_Work to be completed:_
Take the line containing "this 1280×1280 image." and every line after it to the end of the data, and write them out exactly as they appear.

------ Data for this exercise ------

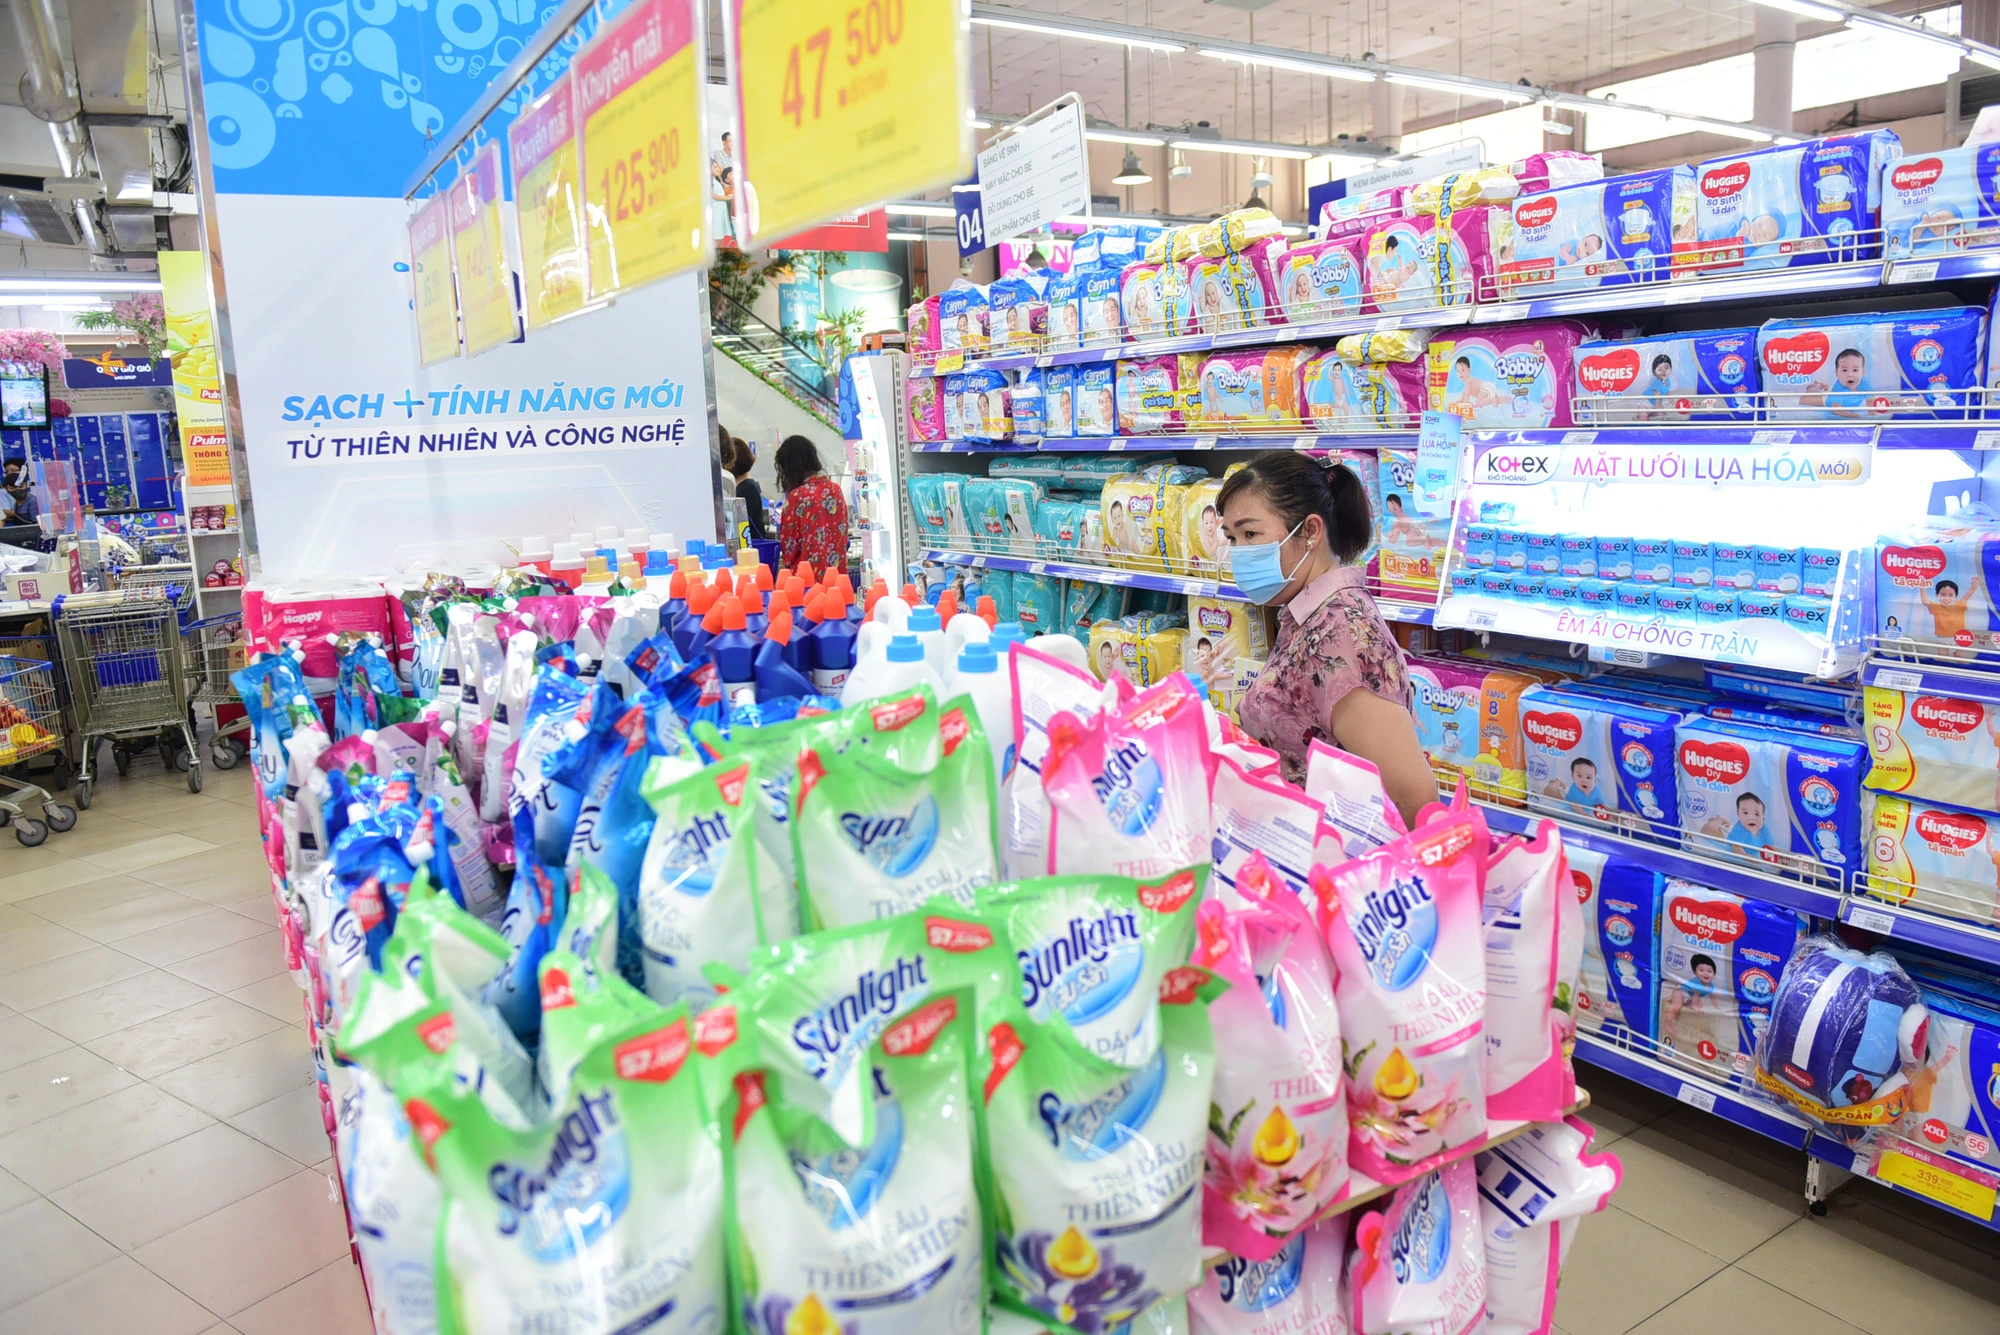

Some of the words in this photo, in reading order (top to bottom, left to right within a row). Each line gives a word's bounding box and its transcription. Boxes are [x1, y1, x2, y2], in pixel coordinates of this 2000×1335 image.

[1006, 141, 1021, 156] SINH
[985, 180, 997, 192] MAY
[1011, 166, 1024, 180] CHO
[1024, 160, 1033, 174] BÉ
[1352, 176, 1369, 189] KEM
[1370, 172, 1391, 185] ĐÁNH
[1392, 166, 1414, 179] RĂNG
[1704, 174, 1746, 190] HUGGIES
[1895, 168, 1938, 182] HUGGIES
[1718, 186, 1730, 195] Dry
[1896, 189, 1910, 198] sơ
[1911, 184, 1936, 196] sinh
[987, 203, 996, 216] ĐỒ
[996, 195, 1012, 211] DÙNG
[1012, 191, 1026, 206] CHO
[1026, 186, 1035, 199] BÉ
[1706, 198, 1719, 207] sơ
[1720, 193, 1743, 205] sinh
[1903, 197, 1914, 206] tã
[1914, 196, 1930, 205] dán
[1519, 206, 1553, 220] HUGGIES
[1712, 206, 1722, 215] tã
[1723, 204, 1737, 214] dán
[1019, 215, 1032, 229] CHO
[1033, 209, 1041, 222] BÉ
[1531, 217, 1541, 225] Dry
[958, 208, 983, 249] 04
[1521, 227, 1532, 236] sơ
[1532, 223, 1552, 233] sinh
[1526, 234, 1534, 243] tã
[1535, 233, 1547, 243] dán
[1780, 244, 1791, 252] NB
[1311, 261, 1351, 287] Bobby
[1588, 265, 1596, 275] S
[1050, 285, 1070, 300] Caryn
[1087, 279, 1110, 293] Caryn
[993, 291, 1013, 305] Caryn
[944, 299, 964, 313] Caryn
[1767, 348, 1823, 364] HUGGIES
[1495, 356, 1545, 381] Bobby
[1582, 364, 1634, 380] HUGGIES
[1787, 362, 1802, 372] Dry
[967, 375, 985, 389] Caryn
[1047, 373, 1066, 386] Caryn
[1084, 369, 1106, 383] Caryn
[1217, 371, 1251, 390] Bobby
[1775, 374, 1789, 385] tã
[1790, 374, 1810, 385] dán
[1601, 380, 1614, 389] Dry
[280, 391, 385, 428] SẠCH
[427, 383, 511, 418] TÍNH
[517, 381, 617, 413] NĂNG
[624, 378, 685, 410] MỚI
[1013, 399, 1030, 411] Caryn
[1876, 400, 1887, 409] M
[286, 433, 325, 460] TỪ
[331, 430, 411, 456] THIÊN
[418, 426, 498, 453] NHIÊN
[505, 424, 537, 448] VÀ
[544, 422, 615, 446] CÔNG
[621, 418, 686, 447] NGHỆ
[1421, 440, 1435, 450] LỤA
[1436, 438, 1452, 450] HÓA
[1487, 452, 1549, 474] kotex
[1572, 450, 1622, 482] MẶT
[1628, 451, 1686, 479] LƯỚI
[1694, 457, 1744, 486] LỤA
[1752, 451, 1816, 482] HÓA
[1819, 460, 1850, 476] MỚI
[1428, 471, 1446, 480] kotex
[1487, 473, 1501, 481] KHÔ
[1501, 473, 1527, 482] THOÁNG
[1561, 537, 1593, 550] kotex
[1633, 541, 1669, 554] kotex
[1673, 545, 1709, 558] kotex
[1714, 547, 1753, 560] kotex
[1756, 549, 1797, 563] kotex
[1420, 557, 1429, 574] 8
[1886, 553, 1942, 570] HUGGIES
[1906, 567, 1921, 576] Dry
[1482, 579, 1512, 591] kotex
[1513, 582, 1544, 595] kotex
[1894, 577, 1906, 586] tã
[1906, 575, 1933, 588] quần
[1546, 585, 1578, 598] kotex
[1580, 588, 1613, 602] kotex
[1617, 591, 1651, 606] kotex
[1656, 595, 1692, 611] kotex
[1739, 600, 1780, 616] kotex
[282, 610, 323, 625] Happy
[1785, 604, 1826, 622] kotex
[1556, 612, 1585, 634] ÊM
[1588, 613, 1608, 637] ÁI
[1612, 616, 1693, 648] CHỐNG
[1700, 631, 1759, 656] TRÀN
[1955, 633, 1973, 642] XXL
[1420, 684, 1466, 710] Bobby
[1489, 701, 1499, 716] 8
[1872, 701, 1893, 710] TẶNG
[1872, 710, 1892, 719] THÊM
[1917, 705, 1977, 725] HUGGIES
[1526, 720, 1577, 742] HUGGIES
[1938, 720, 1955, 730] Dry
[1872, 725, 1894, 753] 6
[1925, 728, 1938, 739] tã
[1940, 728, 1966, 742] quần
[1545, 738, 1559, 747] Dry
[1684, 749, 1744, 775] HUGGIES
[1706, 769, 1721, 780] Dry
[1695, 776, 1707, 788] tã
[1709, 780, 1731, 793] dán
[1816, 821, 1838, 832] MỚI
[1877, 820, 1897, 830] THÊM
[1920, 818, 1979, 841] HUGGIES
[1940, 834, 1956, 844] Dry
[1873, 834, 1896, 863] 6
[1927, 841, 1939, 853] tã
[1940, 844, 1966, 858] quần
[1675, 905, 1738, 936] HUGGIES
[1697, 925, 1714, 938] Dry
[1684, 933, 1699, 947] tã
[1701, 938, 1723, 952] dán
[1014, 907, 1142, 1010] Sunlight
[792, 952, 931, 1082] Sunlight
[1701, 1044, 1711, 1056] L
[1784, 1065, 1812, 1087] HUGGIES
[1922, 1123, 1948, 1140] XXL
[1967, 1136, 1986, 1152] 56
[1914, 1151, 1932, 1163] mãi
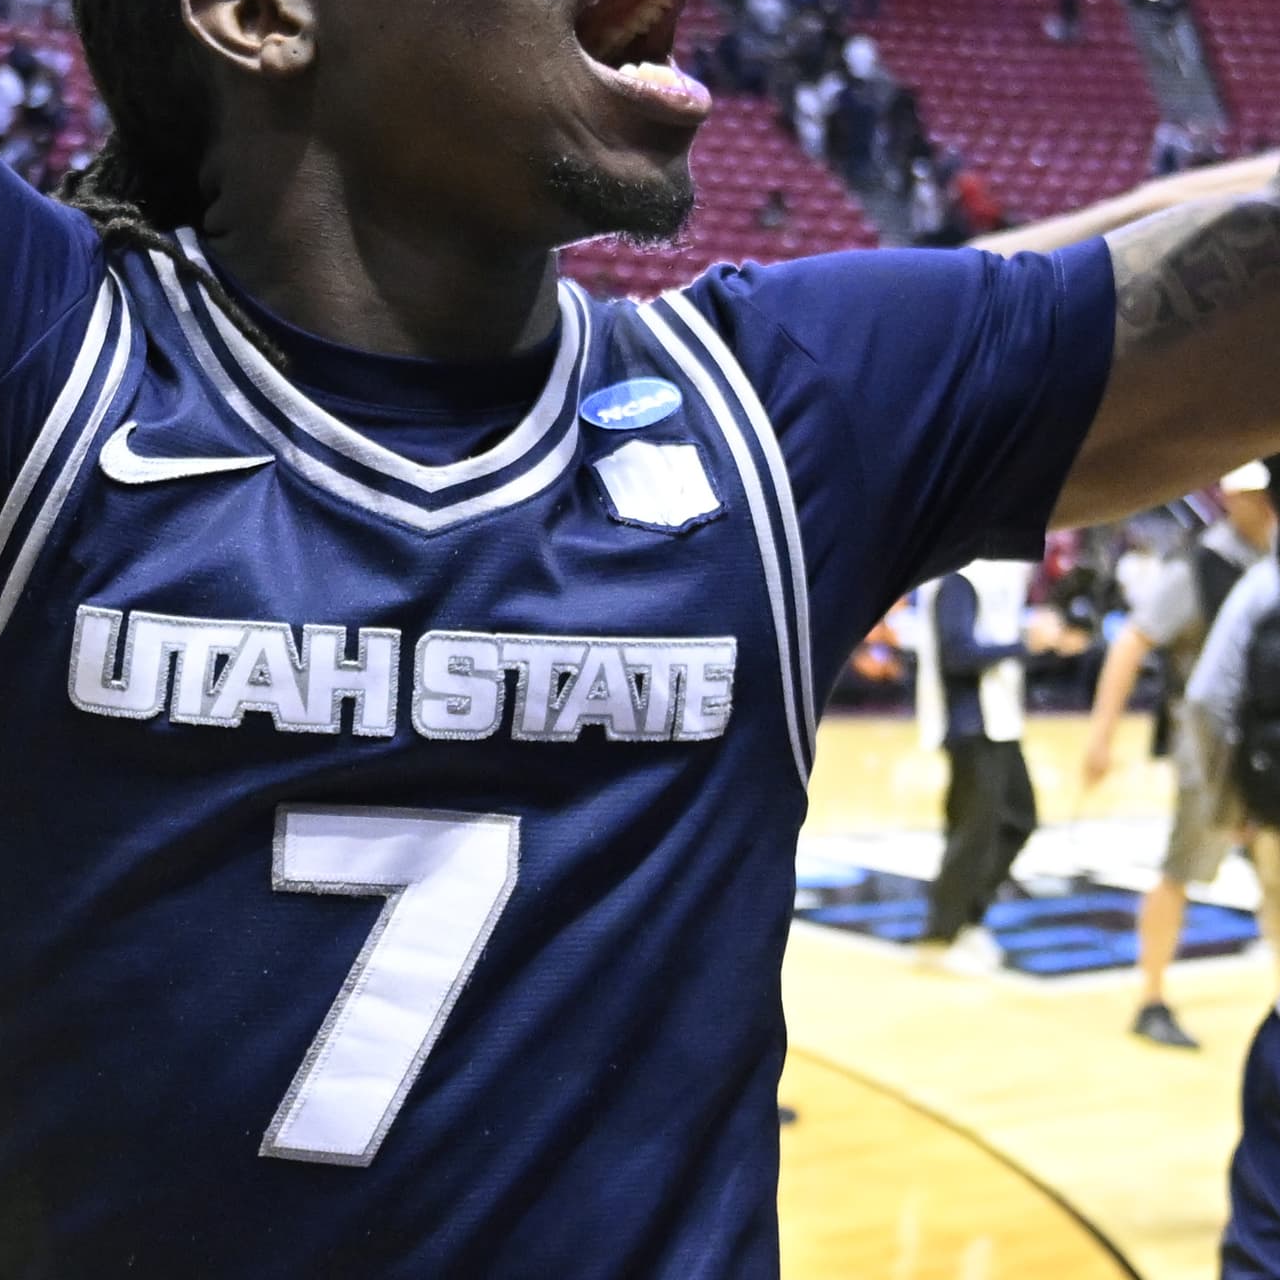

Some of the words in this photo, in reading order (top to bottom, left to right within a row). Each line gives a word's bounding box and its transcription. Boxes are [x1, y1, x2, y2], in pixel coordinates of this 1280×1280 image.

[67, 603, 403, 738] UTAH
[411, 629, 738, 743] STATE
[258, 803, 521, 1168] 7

------

_Answer to the exercise:_
Some of the words in this photo, in reading order (top to bottom, left to right within a row). Each line gives a word's bounding box and its transcription. Boxes are [x1, y1, x2, y2], in pixel coordinates of this 1280×1280 image.

[67, 603, 403, 738] UTAH
[411, 629, 738, 743] STATE
[258, 803, 521, 1168] 7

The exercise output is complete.